▶ **WHAT YOU NEED TO DO**:
From the first line to the last, transcribe the data exactly and skip the pictures.

▶ **THE DATA**:

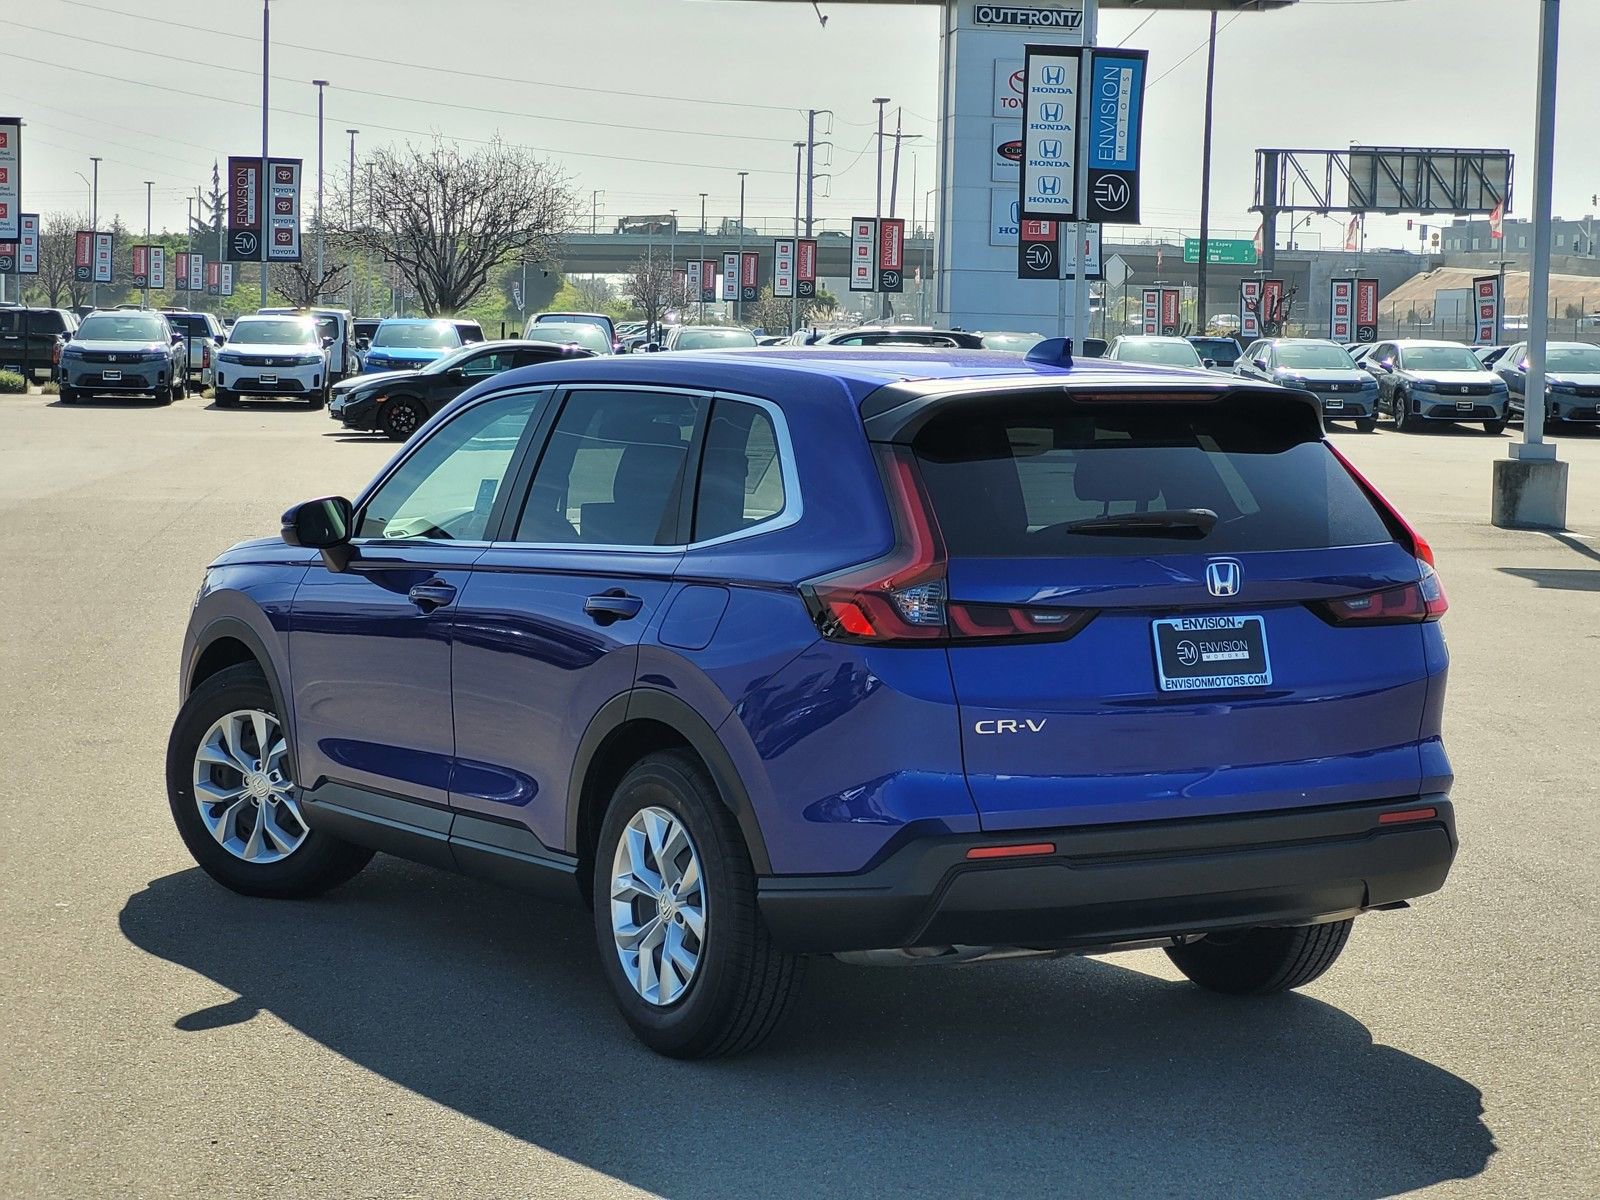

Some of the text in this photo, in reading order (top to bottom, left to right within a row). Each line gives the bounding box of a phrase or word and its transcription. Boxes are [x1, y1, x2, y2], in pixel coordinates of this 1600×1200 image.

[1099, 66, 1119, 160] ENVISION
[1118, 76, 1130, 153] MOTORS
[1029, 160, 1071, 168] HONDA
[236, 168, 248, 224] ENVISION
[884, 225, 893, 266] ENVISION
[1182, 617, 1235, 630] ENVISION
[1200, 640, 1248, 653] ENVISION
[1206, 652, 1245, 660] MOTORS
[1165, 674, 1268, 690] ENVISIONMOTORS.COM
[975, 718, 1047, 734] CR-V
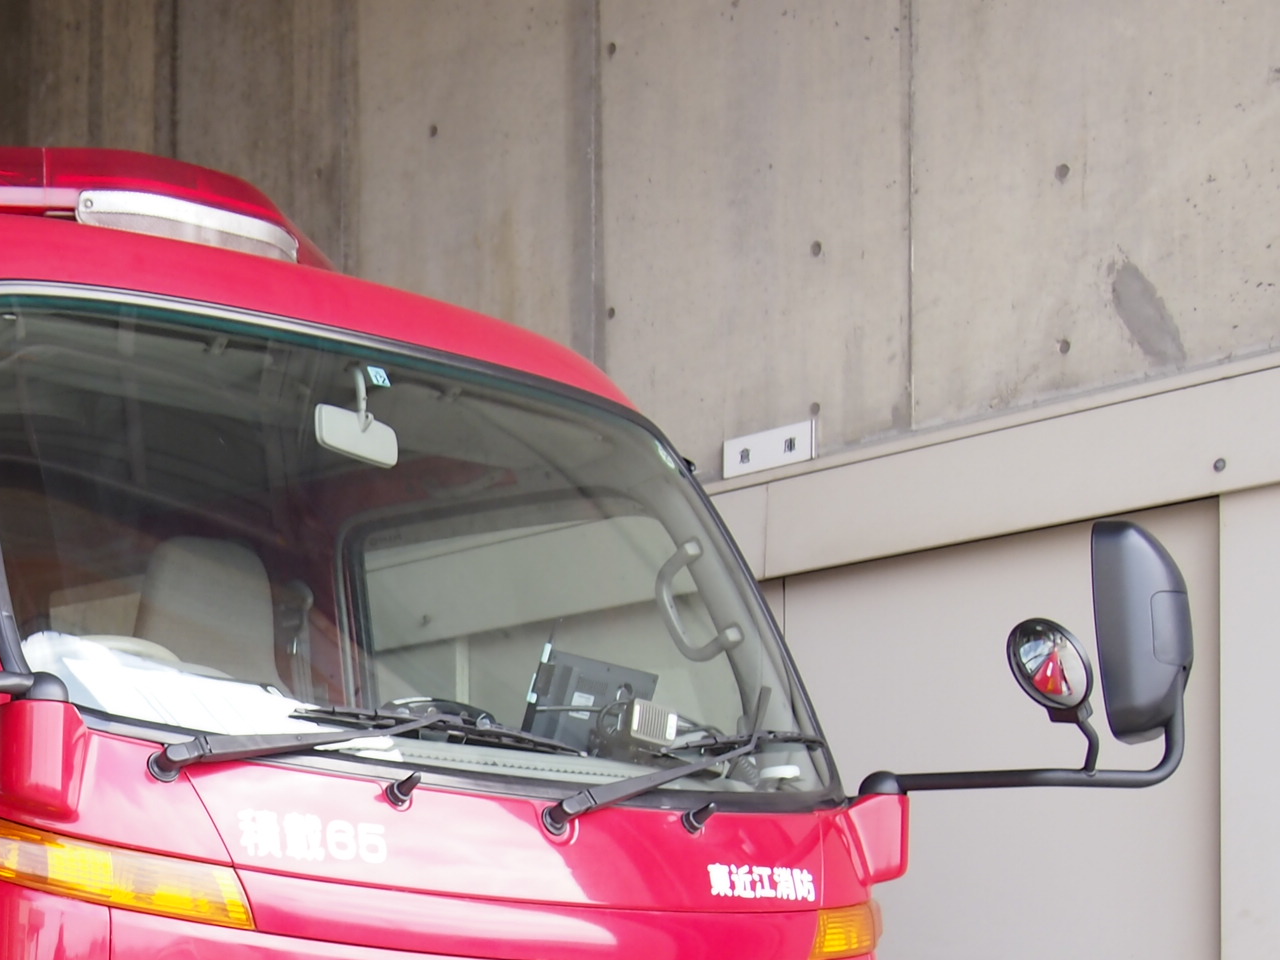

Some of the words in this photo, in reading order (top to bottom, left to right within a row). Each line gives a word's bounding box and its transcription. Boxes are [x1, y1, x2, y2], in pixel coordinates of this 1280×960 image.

▶ **ANSWER SPACE**:
Some of the text in this photo, in reading order (top to bottom, left to right within a row). Each line gives the bounding box of a phrase or word and its transcription. Boxes are [x1, y1, x2, y2], in pixel coordinates of this 1600×1200 image.

[1099, 66, 1119, 160] ENVISION
[1118, 76, 1130, 153] MOTORS
[1029, 160, 1071, 168] HONDA
[236, 168, 248, 224] ENVISION
[884, 225, 893, 266] ENVISION
[1182, 617, 1235, 630] ENVISION
[1200, 640, 1248, 653] ENVISION
[1206, 652, 1245, 660] MOTORS
[1165, 674, 1268, 690] ENVISIONMOTORS.COM
[975, 718, 1047, 734] CR-V

Some of the words in this photo, in reading order (top to bottom, left to right within a row). Each line gives a word's bounding box and its transcription. Boxes are [x1, y1, x2, y2], in pixel coordinates of this 1280×960 image.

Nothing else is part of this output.